**Work instruction:** In your copy, the records appear word for word and the pictures do not appear at all.

**Data records:**
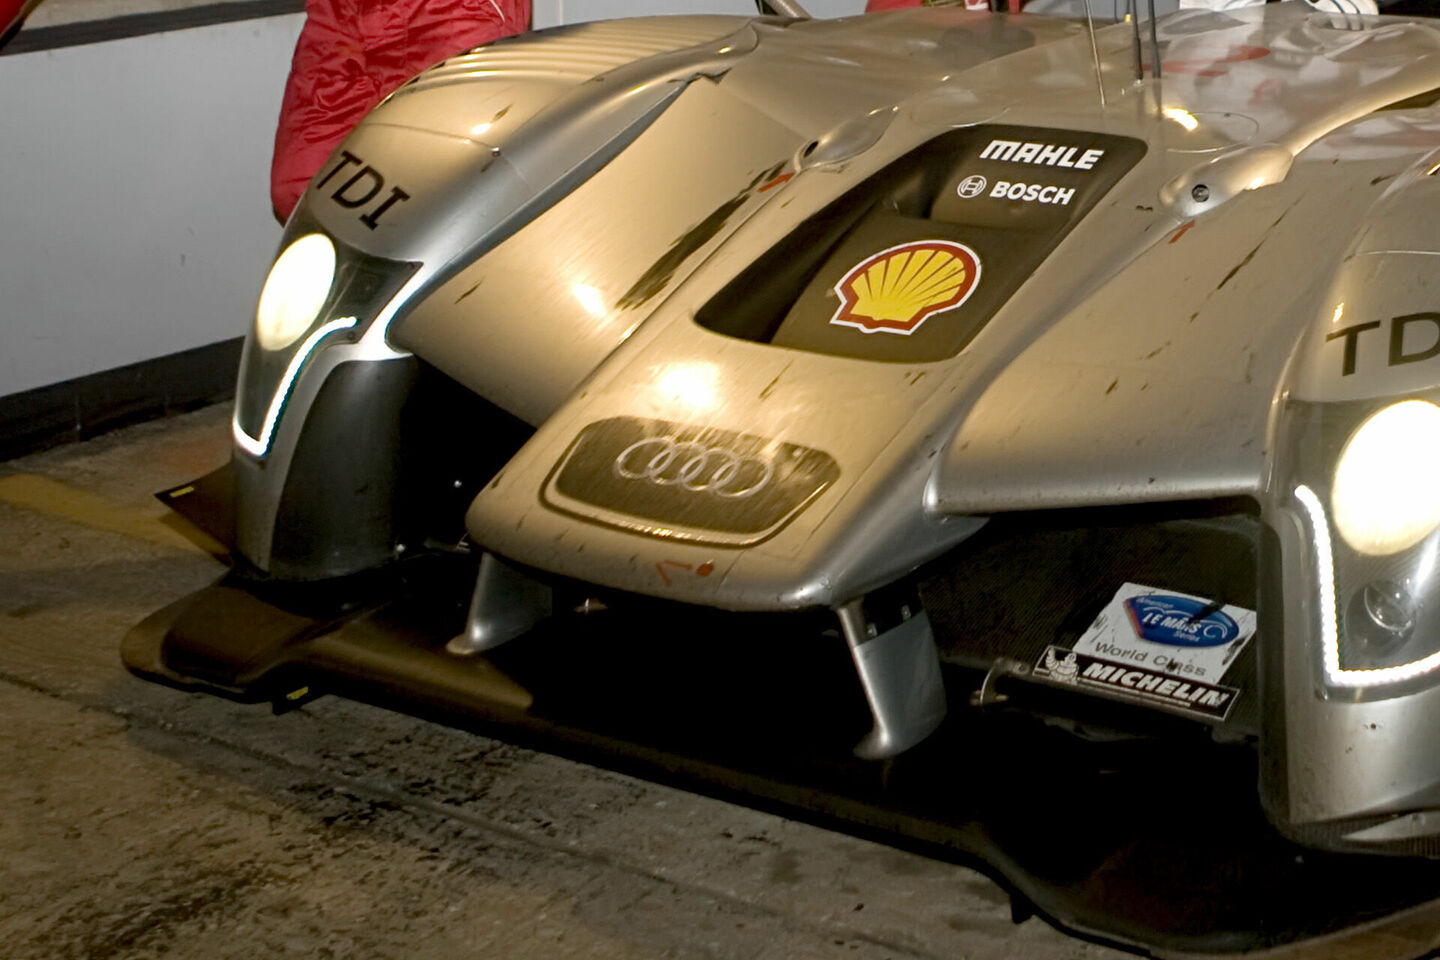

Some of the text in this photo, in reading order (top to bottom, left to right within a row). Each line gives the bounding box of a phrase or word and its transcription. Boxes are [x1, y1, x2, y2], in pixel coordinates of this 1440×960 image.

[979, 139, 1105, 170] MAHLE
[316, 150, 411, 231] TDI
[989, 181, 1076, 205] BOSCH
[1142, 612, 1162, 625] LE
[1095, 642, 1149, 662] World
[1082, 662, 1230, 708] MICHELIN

**Expected answer:**
Some of the text in this photo, in reading order (top to bottom, left to right within a row). Each line gives the bounding box of a phrase or word and its transcription. Boxes are [x1, y1, x2, y2], in pixel coordinates of this 1440×960 image.

[979, 139, 1105, 170] MAHLE
[316, 150, 411, 231] TDI
[989, 181, 1076, 205] BOSCH
[1142, 612, 1162, 625] LE
[1095, 642, 1149, 662] World
[1082, 662, 1230, 708] MICHELIN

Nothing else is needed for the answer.